Most Web3 chat or social platforms either sacrifice privacy or rely on trusted intermediaries.
If you want to send a message anonymously, someone still sees who paid, who relayed, or when it was scheduled.
If you want to send a message in the future, you usually have to trust an off-chain service or a centralized scheduler.

This project started with a simple question:

Can we send messages and payments on-chain — now or in the future — without revealing who we are, and without trusting anyone?

That question led to the idea of combining:

  • Time-locked messages
  • Anonymous funding
  • Zero-knowledge proofs
  • Purely on-chain scheduling

🛠️ How We Built It

The system is composed of three core smart contracts, each with a clearly separated responsibility.

1️⃣ Message Contracts (Atomic Messages)

Each message is its own smart contract, storing:

  • message content
  • sender alias (not identity)
  • optional future timestamp
  • a payment receiver address

This makes every message:

  • immutable
  • independently fundable
  • auditable without revealing the sender

2️⃣ Chatroom (On-chain Messaging + Scheduling)

Each chatroom:

  • stores posted messages
  • supports future messages using an on-chain min-heap priority queue
  • automatically releases messages when
    [ \text{block.timestamp} \ge \text{sendingTime} ]

No cron jobs, no keepers, no centralized scheduler — just deterministic Solidity logic.


3️⃣ Chatsystem (ZK Vault + Anonymity Layer)

This is the privacy core of the project. Users use relayers to deposit money or send messages.

🔐 Anonymous Deposits

Users deposit a fixed denomination (0.1 ETH) into a global vault by submitting a cryptographic commitment: [ \text{commitment} = \text{PedersenHash(secret, nullifier)} ]

Commitments are stored in a Merkle tree, whose root represents all valid deposits.

🧾 Zero-Knowledge Withdrawal

To fund a message anonymously, a user generates a ZK proof that:

  • they know a valid (secret, nullifier)
  • the commitment exists in the Merkle tree
  • the nullifier has never been used before

The contract verifies:

  • Merkle root validity
  • proof correctness
  • nullifier uniqueness

Then it releases funds without learning who the sender is.


🧪 What We Learned

  • How Merkle trees and nullifiers prevent double-spending without identities
  • The importance of matching hash functions between ZK circuits and Solidity
  • Designing on-chain data structures (like heaps) under gas constraints
  • How relayers can exist without becoming trust points
  • How ZK turns “prove without revealing” into a real UX primitive

⚔️ Challenges We Faced

🔹 Hash Compatibility

Noir uses Pedersen hashes, while Solidity does not natively support them.
We had to carefully ensure consistency between circuit logic and on-chain verification.

🔹 On-chain Scheduling

Ethereum has no native scheduler.

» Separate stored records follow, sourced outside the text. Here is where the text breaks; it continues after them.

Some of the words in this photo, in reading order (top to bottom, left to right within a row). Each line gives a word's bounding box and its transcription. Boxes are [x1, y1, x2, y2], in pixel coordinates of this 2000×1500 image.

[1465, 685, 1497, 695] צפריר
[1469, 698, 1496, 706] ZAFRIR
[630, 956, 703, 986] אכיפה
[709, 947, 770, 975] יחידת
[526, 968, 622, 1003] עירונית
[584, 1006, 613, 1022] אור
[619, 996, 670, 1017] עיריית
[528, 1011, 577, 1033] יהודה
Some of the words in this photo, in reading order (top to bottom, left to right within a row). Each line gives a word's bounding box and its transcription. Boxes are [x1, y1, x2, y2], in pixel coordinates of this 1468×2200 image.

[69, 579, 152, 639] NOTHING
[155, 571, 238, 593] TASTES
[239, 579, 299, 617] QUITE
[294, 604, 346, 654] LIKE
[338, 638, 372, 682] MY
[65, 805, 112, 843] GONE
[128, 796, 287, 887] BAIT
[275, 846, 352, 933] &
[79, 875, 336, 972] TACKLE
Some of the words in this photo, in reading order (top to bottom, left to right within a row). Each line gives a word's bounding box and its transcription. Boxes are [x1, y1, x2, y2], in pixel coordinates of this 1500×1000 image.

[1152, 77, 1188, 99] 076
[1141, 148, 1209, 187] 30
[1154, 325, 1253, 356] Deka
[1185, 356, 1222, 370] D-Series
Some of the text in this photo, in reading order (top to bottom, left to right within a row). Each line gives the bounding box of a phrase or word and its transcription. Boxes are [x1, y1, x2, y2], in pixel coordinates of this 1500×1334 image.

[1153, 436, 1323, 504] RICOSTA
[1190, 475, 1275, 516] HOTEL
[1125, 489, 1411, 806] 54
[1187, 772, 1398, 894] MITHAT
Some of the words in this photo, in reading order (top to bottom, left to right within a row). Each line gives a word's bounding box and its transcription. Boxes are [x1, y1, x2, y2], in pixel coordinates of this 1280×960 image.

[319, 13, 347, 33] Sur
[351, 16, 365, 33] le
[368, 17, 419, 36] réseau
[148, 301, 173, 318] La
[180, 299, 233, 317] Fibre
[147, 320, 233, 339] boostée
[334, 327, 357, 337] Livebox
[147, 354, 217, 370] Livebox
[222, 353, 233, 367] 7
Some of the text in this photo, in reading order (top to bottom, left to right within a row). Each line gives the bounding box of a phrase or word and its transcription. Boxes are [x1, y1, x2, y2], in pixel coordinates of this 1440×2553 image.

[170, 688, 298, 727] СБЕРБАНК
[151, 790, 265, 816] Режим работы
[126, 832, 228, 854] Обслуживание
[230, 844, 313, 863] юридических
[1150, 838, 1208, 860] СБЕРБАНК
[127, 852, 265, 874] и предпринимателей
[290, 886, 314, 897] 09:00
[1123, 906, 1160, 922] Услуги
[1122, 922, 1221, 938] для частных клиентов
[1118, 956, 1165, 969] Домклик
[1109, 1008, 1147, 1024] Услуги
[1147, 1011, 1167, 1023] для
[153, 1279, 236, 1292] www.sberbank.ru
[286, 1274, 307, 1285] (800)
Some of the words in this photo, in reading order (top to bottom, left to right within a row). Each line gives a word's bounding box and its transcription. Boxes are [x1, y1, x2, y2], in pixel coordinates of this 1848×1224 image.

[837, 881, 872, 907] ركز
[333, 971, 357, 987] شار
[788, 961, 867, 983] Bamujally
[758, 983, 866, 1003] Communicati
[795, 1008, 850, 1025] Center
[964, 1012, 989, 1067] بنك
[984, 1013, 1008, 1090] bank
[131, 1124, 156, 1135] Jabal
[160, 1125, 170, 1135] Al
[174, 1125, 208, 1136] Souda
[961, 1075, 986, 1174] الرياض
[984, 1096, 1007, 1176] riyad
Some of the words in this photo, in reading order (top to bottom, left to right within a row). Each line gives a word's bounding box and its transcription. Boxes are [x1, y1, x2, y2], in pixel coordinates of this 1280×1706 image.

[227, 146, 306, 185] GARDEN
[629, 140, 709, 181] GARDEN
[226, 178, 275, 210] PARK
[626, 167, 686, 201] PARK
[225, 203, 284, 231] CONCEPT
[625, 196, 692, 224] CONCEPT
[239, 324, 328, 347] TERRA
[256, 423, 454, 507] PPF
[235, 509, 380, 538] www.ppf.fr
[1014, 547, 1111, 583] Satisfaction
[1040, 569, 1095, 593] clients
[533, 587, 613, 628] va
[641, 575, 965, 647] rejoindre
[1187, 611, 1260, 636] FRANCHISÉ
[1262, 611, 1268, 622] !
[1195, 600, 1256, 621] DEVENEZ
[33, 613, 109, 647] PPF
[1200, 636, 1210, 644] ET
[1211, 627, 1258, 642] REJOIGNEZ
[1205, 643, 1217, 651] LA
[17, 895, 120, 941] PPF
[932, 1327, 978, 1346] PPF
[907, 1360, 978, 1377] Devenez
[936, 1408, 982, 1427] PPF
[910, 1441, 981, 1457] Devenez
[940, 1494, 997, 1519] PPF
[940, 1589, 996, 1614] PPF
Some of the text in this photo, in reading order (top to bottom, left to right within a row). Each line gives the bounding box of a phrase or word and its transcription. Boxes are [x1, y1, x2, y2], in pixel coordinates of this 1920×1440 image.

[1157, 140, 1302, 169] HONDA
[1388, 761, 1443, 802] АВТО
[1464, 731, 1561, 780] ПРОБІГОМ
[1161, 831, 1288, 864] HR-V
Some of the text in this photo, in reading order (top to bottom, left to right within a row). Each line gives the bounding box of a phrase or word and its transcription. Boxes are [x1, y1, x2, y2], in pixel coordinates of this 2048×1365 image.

Implementing a min-heap priority queue in Solidity and call only when any user asks for whole chat history .

🔹 Preventing Double-Spend

Ensuring that each anonymous deposit can only be used once required:

  • nullifier tracking
  • strict root validation
  • replay protection

🔹 UX vs Cryptography

ZK systems are powerful but fragile. Small mistakes in inputs, ordering, or hashing break proofs — balancing correctness with usability was a constant challenge.


🌱 What’s Next

  • Add encrypted message content (only recipients can decrypt)
  • Build a front-end that abstracts ZK complexity for non-crypto users

✨ Final Thought

This project proves that privacy, time, and money can coexist on-chain —
without trust, without identity, and without intermediaries.

Messages can wait. Identities don’t have to exist.